## Aim of the task
Exact copies of all the entries are required.

## Material for this exercise
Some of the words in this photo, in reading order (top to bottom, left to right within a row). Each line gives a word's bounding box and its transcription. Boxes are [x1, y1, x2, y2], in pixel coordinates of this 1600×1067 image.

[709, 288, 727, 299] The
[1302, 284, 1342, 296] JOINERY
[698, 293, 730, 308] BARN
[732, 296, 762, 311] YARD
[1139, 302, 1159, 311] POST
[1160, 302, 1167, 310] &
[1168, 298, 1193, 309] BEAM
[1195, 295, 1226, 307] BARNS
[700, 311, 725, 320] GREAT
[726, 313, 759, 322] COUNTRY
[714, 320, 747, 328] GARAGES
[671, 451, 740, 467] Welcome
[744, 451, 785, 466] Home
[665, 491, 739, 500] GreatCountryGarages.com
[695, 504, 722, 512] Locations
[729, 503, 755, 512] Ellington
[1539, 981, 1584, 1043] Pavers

## Response
Some of the words in this photo, in reading order (top to bottom, left to right within a row). Each line gives a word's bounding box and its transcription. Boxes are [x1, y1, x2, y2], in pixel coordinates of this 1600×1067 image.

[709, 288, 727, 299] The
[1302, 284, 1342, 296] JOINERY
[698, 293, 730, 308] BARN
[732, 296, 762, 311] YARD
[1139, 302, 1159, 311] POST
[1160, 302, 1167, 310] &
[1168, 298, 1193, 309] BEAM
[1195, 295, 1226, 307] BARNS
[700, 311, 725, 320] GREAT
[726, 313, 759, 322] COUNTRY
[714, 320, 747, 328] GARAGES
[671, 451, 740, 467] Welcome
[744, 451, 785, 466] Home
[665, 491, 739, 500] GreatCountryGarages.com
[695, 504, 722, 512] Locations
[729, 503, 755, 512] Ellington
[1539, 981, 1584, 1043] Pavers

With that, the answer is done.